### WORK TO COMPLETE
Retype each of the records below exactly, leaving the pictures out.

------ DATA TO USE ------

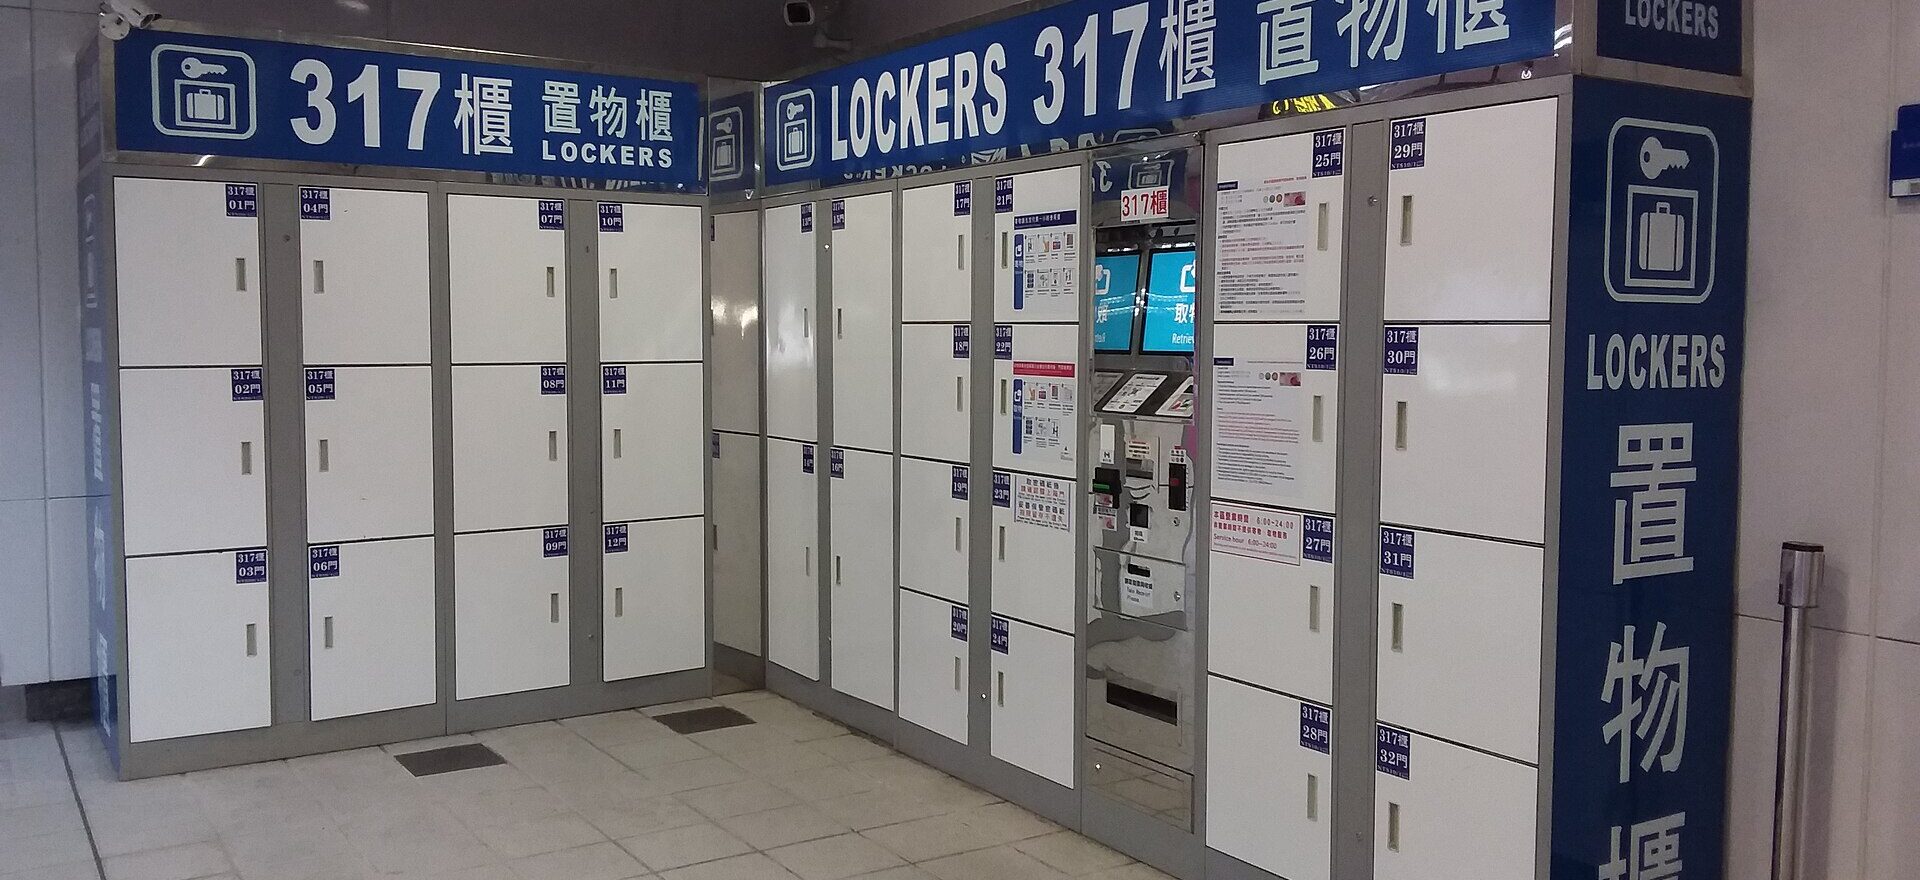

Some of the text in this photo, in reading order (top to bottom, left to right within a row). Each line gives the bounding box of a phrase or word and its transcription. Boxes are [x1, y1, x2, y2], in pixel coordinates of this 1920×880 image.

[1625, 0, 1719, 39] LOCKERS
[831, 42, 1007, 161] LOCKERS
[1033, 0, 1217, 125] 317櫃
[289, 58, 674, 156] 317櫃 置物櫃
[1394, 122, 1424, 138] 317櫃
[1315, 132, 1342, 148] 317櫃
[541, 139, 673, 168] LOCKERS
[1394, 142, 1423, 159] 29門
[1316, 152, 1342, 167] 25門
[230, 200, 255, 210] 01門
[304, 204, 328, 213] 04門
[1122, 189, 1168, 217] 317櫃
[542, 215, 562, 224] 07門
[602, 218, 621, 226] 10門
[1309, 328, 1336, 340] 317櫃
[1387, 330, 1417, 344] 317櫃
[1310, 346, 1335, 360] 26門
[1387, 350, 1416, 364] 30門
[1587, 333, 1726, 390] LOCKERS
[234, 384, 260, 394] 02門
[308, 384, 333, 393] 05門
[543, 380, 564, 389] 08門
[606, 380, 626, 388] 11門
[1305, 518, 1331, 534] 317櫃
[608, 538, 626, 547] 12門
[1306, 538, 1330, 553] 27門
[1383, 530, 1412, 546] 317櫃
[546, 541, 567, 551] 09門
[313, 561, 338, 572] 06門
[1384, 550, 1412, 568] 31門
[239, 566, 264, 577] 03門
[1302, 706, 1329, 724] 317櫃
[1303, 725, 1328, 744] 28門
[1379, 728, 1408, 748] 317櫃
[1380, 748, 1408, 768] 32門
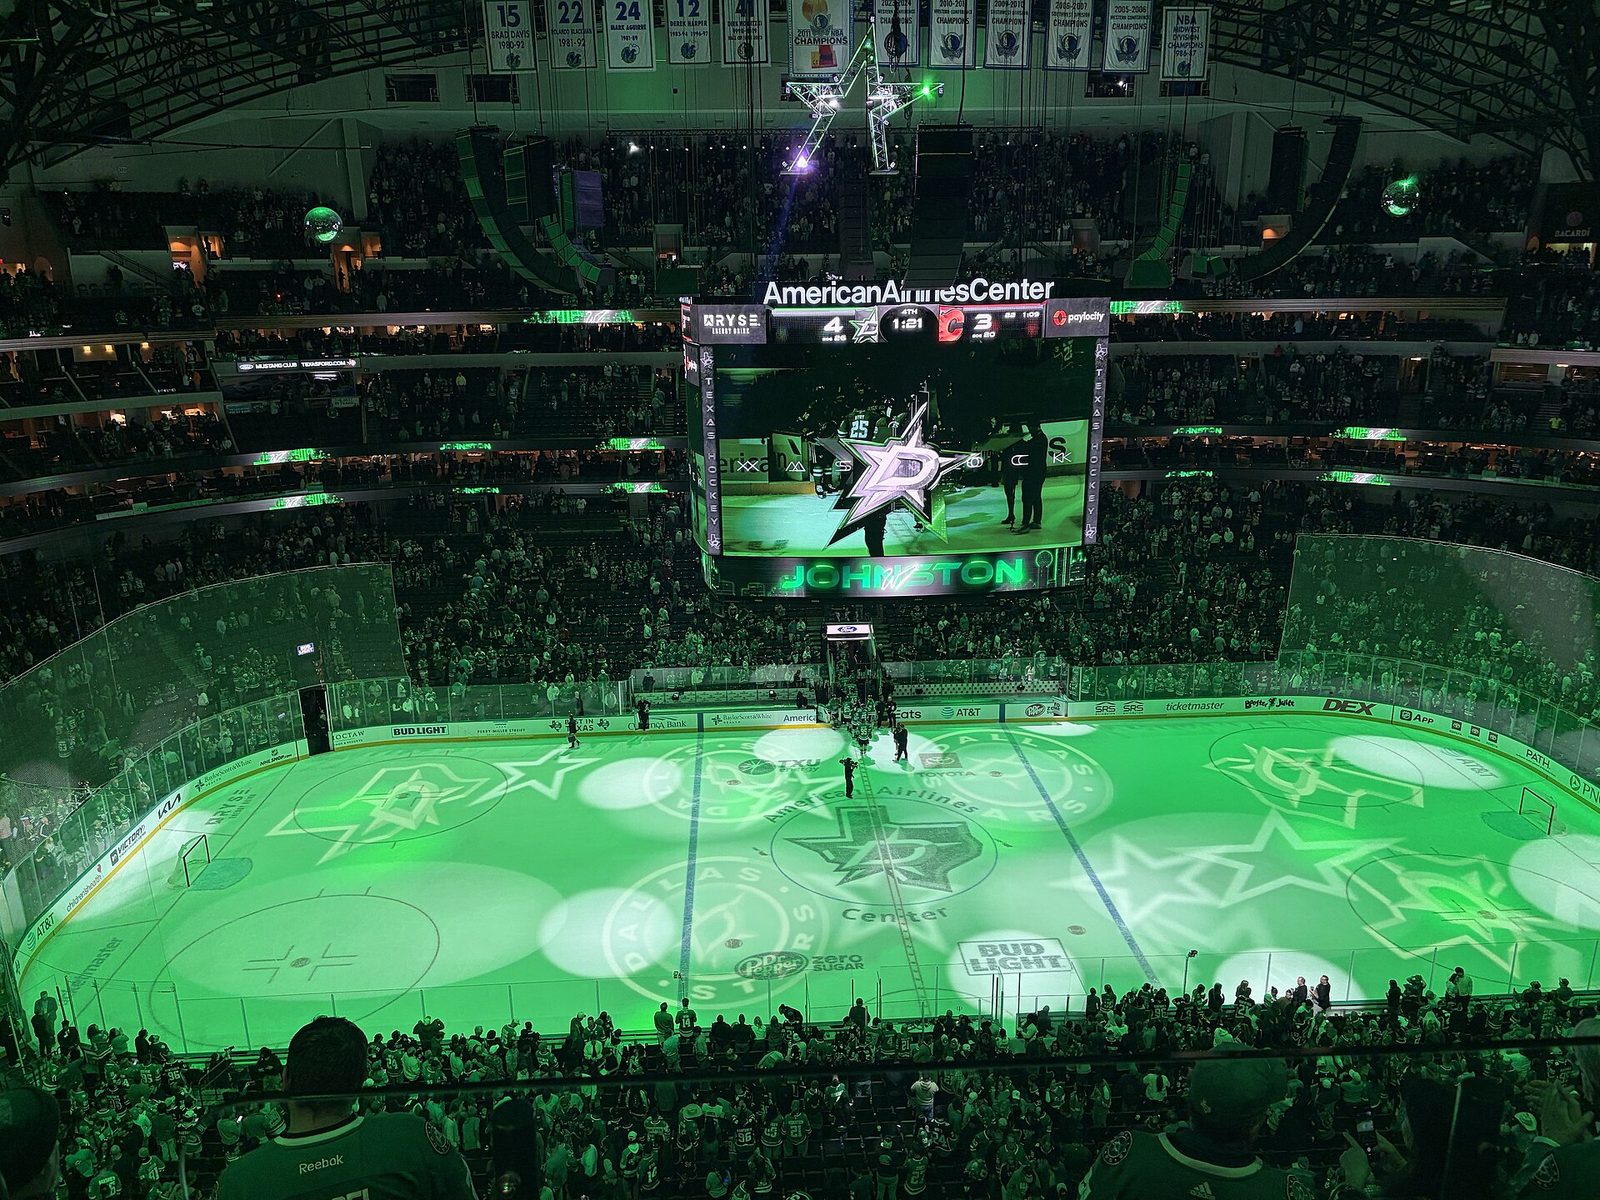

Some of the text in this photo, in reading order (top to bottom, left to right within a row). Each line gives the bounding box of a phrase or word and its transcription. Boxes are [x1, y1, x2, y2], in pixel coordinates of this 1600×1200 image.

------

### TASK SOLUTION
Some of the text in this photo, in reading order (top to bottom, left to right within a row). Each line gives the bounding box of a phrase or word and its transcription. Boxes are [x1, y1, x2, y2], in pixel coordinates of this 1920×880 image.

[1625, 0, 1719, 39] LOCKERS
[831, 42, 1007, 161] LOCKERS
[1033, 0, 1217, 125] 317櫃
[289, 58, 674, 156] 317櫃 置物櫃
[1394, 122, 1424, 138] 317櫃
[1315, 132, 1342, 148] 317櫃
[541, 139, 673, 168] LOCKERS
[1394, 142, 1423, 159] 29門
[1316, 152, 1342, 167] 25門
[230, 200, 255, 210] 01門
[304, 204, 328, 213] 04門
[1122, 189, 1168, 217] 317櫃
[542, 215, 562, 224] 07門
[602, 218, 621, 226] 10門
[1309, 328, 1336, 340] 317櫃
[1387, 330, 1417, 344] 317櫃
[1310, 346, 1335, 360] 26門
[1387, 350, 1416, 364] 30門
[1587, 333, 1726, 390] LOCKERS
[234, 384, 260, 394] 02門
[308, 384, 333, 393] 05門
[543, 380, 564, 389] 08門
[606, 380, 626, 388] 11門
[1305, 518, 1331, 534] 317櫃
[608, 538, 626, 547] 12門
[1306, 538, 1330, 553] 27門
[1383, 530, 1412, 546] 317櫃
[546, 541, 567, 551] 09門
[313, 561, 338, 572] 06門
[1384, 550, 1412, 568] 31門
[239, 566, 264, 577] 03門
[1302, 706, 1329, 724] 317櫃
[1303, 725, 1328, 744] 28門
[1379, 728, 1408, 748] 317櫃
[1380, 748, 1408, 768] 32門

Some of the text in this photo, in reading order (top to bottom, left to right within a row). Each line gives the bounding box of a phrase or word and its transcription. Boxes are [x1, y1, x2, y2], in pixel coordinates of this 1600×1200 image.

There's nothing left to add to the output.